Educators’ objections and parents’ apathy frequently weaken plans to extend school hours to the point that they become useless. The Los Angeles Unified School District contemplated extending the next school year by two weeks in the spring. The Board of Education voted to add four extra days of school for pupils. Despite opposition from the teachers’ union and lukewarm support from families. Noting widespread weariness among instructors.  Thomas Kane, faculty director of Harvard’s Center “students in Los Angeles would have lost the equivalent of 22 weeks of math study.” “You can’t make up for 22 weeks of missed learning with four optional days.”

Restrictions from Government Support

The billions of dollars in ESSER III financing will expire in 2024, only two short school years away. It will be lost if districts have not assigned it before then. Even if it has been allotted, they will not be receiving any more.  There will be no additional government support for recurrent expenditures such as new teacher salaries or tutoring contracts. “We’re seeing districts the sudden reduction in financing after the ESSER money runs out,” says a researcher at the RAND Corporation. When Diliberti initially asked district leaders about this in June 2021, slightly over a third were concerned. Especially in metropolitan areas; in her March poll, half of the district leaders expressed anxiety.


If districts can demonstrate how the financing improves student results, they may be able to fight for extra support. When ESSER expires effectively, either from state budgets or from NGOs. Biden advocates for increased federal education expenditure on Title I schools.  Although states and localities bear almost 90% of public-education costs.
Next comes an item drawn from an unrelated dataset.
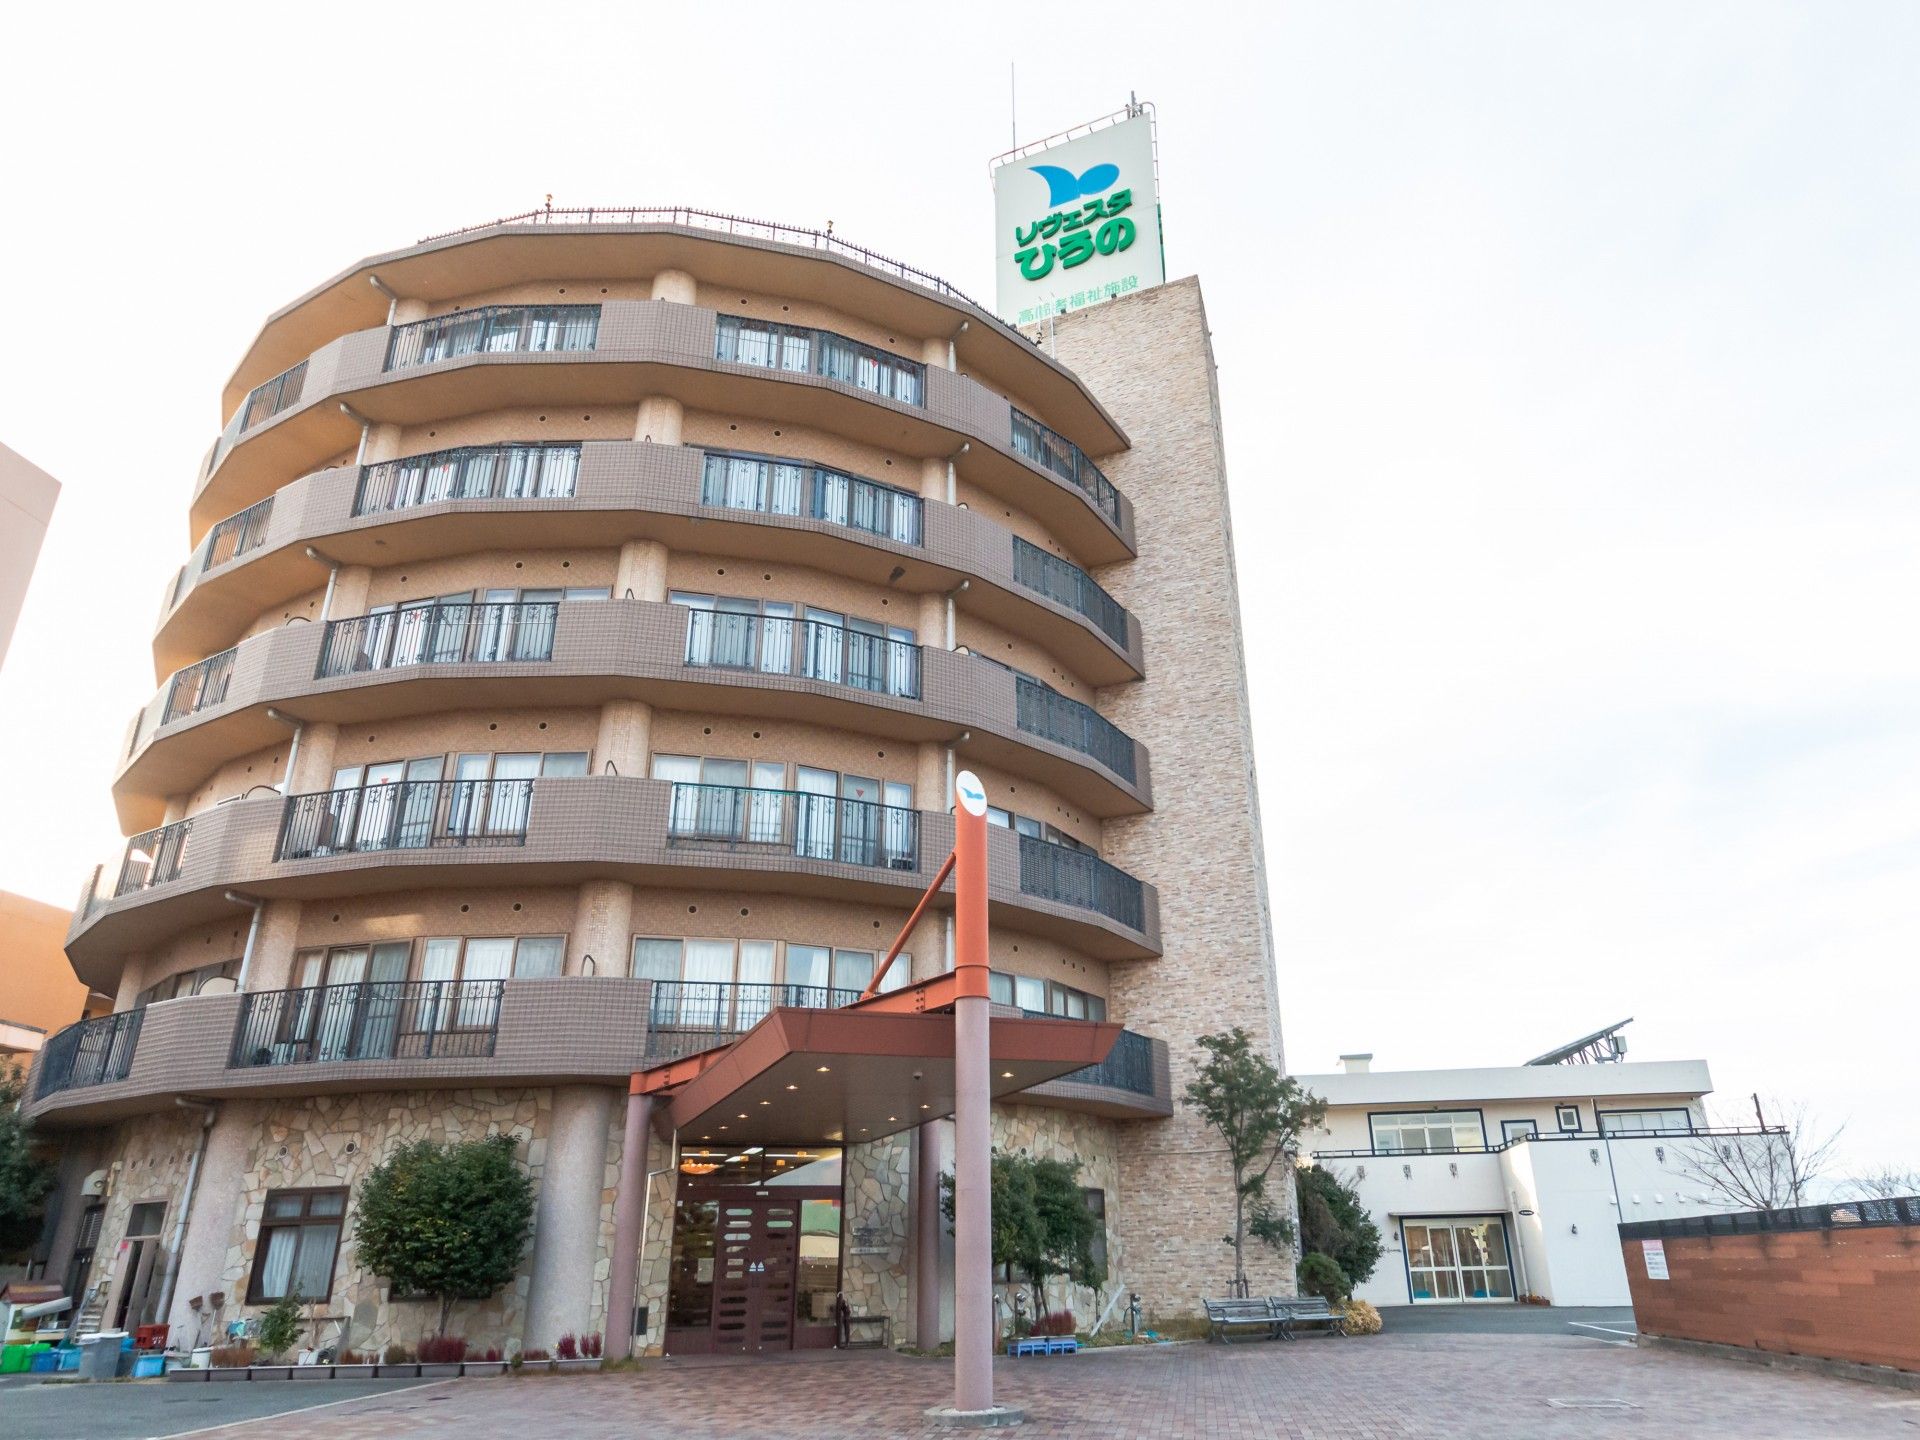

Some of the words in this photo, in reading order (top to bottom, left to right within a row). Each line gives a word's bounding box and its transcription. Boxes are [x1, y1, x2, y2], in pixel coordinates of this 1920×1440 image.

They will have to be the ones to keep the momentum going.

Cardona Sayings

“Now, leadership across our country must guarantee that the degree of urgency around education financing  are widespread,” Cardona adds. “We can’t merely respond to the pandemic with much-needed resources and then go back to business as normal.”

Tennessee serves as an example of how this may be accomplish. Even before the ESSER funds were reveal, the state’s Department of Education had made clear.  Research-based recommendations for programs to catch up with pupils who had fallen behind due to pandemic learning loss. “We didn’t want to throw everything against the wall and see what sticks,” Tennessee’s education commissioner, says.  Instead, leaders focused on two strategies: summer extended learning and high-dose tutoring.
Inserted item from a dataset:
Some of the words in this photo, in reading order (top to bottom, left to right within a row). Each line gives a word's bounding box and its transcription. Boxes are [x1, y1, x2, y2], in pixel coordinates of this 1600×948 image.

When the ESSER cash arrived, Schwinn utilized a significant portion of the state educational agency. The Tennessee ALL Corps provides districts with detailed instructions on achieving state education priorities. Districts should keep tutor-to-student ratios no higher than one to four. Tutoring sessions should run 30 to 45 minutes and occur twice or thrice per week.

This method is costly. In Tennessee, tutoring is plan at $1,500 per student per year; with 50,000 kids serve each year. The program is expect to cost $200 million over three years. “This is not minimum wage: we give full-time instructors a salary based on the compensation plan,” Schwinn explains. “It’s a financial investment in students.”

So far, the investment has yielded quantifiable beneficial outcomes. Students have not only caught up to pre-pandemic levels in English language arts but are performing somewhat better. In 2022, 36% of students exceeded grade-level requirements in English, compared to 35% in 2019 and 29% in 2021. They have not yet returned to pre-pandemic levels in math or science, but they have made considerable progress. Which is heartening given the massive learning loss caused by the pandemic.